Yesterday's lectionary Gospel gave us the first two stories from Luke's triptych on lost things. In anticipating this I referred to the final story as being about a bad Dad, and, expectedly, someone questioned this. It was naughty of me because the Dad is not, it turns out, bad, but the Pharisees are suckered into thinking this in order to get them to listen to the story.
First the context. Jesus is accused of keeping dodgy company. In response he asks which of his questioners, on losing 1 of 100 sheep, wouldn't go search and party when they found it. Well none of them. Because sheep finding is not the excuse for a party. Shepherds are never mentioned although the Old Testament imagery would have been inescapable. If we work out who the characters are in the parable we will get the point. God is like a person who has a party when he finds a lost sheep.
Then Jesus asks his hearers to consider a woman having a a party because she has found a coin she lost. If it is a silver coin it is, as the commentators point out, probably about day's wages so she has lost 10% of her cash. Nevertheless calling the neighbours round for a drink to celebrate seems a bit extreme.
That was where our readings left us yesterday. God is like a shepherd; God is like a woman.

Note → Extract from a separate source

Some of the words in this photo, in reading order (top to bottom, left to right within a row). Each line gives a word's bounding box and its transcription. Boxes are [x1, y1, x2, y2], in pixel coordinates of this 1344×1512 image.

And so when we get to the longer parable we know so well, the prodigal son in vv11-32, we imagine the Pharisees saying, 'At last, here is a picture of God we can identify with. God is like a good, disiplinarian, Jewish abba. Hooray.'
But this Dad is bad. When his younger son asks for his share of the family fortune, in effect saying 'Dad, I wish you were dead now' he is given not a beating but the bounty. They are really listening now.

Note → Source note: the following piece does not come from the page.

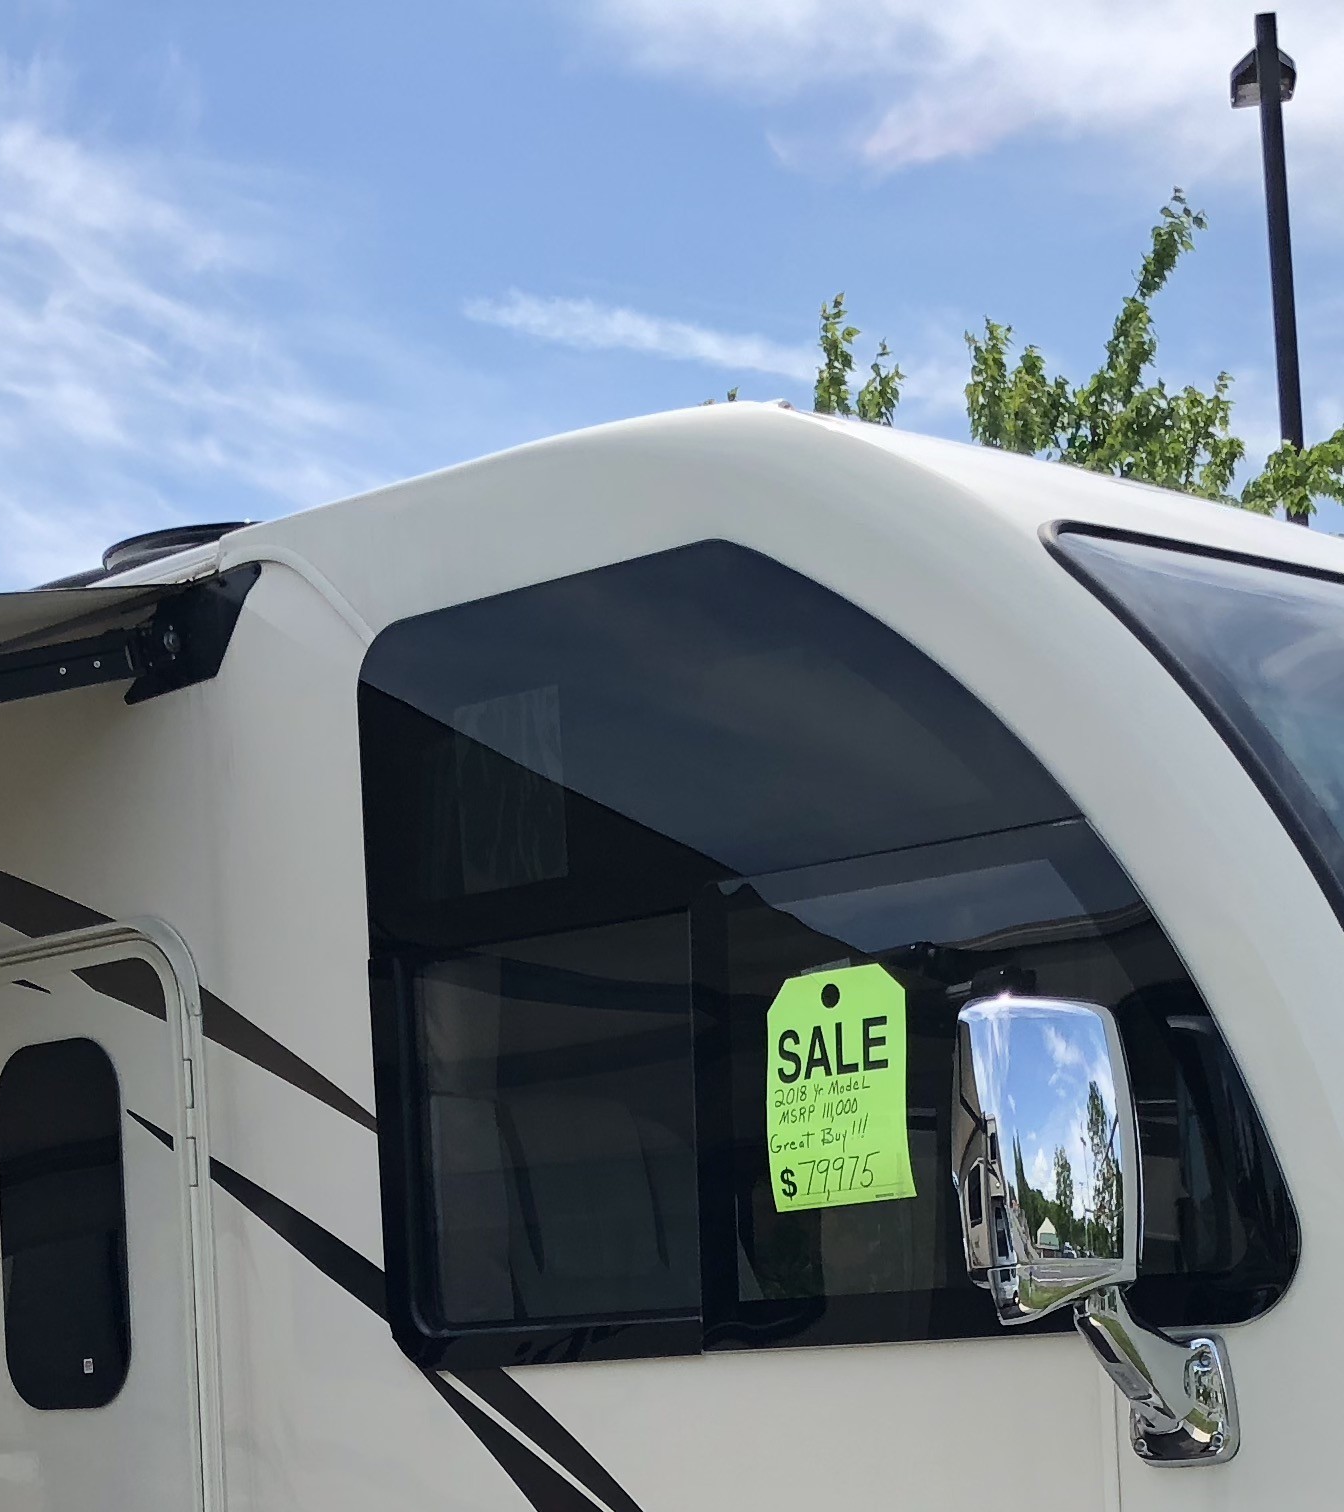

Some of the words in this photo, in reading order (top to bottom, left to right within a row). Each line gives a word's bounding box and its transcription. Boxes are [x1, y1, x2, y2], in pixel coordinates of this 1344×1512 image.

[778, 1016, 889, 1084] SALE
[774, 1085, 807, 1108] 2018
[778, 1104, 815, 1126] MSRP
[770, 1131, 815, 1154] Great

Because that Dad remains willing to welcome back his spendthrift son when he comes to his senses and returns, and is equally willing to give a ticking-off to the older son who has, apparently, done no wrong.

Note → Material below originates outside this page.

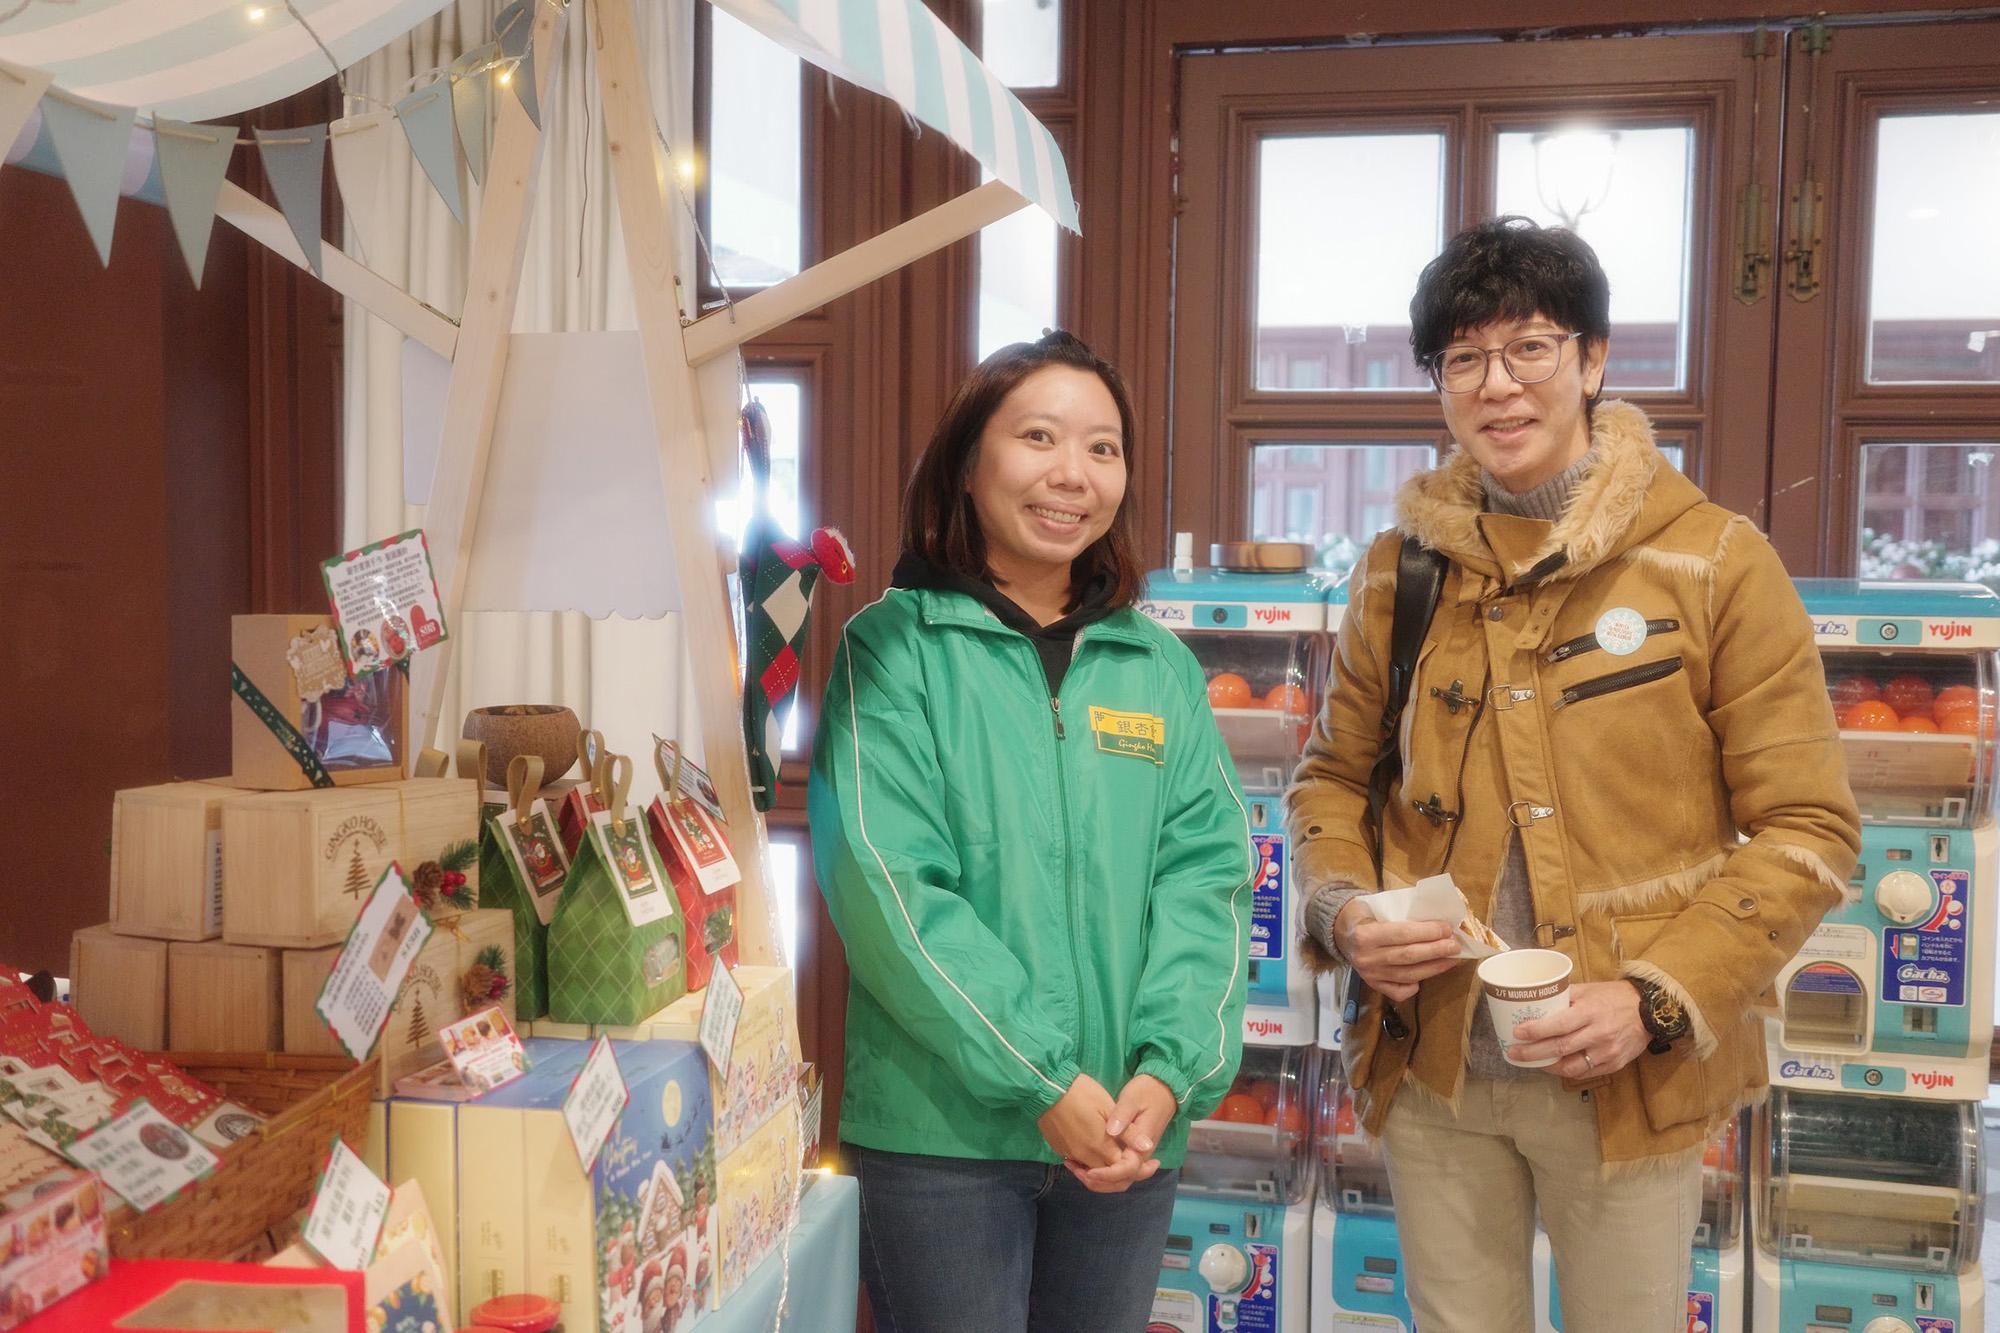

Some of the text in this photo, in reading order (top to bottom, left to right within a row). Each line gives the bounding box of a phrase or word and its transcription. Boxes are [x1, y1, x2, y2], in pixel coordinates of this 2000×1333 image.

[325, 815, 388, 862] GINGKO HOUSE
[1495, 983, 1559, 999] 2/F MURRAY HOUSE

The Pharisees are meant to be shepherds. Instead they police more and more ridiculous rules for the sheep's behaviour. The Pharisees are meant to be happy about repentance. Instead they are out-partied by a woman who finds a lost coin. The Pharisees are meant to seek and save the lost. Instead they mutter when Jesus keeps company with them.
God gives freedom to his creation to ignore him if they want and even to wish him dead and still holds a party if anyone changes their mind.
Today we may, as a church, be a bit Pharisaic from time to time but I hope we desire not the death of a sinner but rather that he or she may turn from their wickedness and live. Then we can party.
And that's only bad news for one. The fatted calf.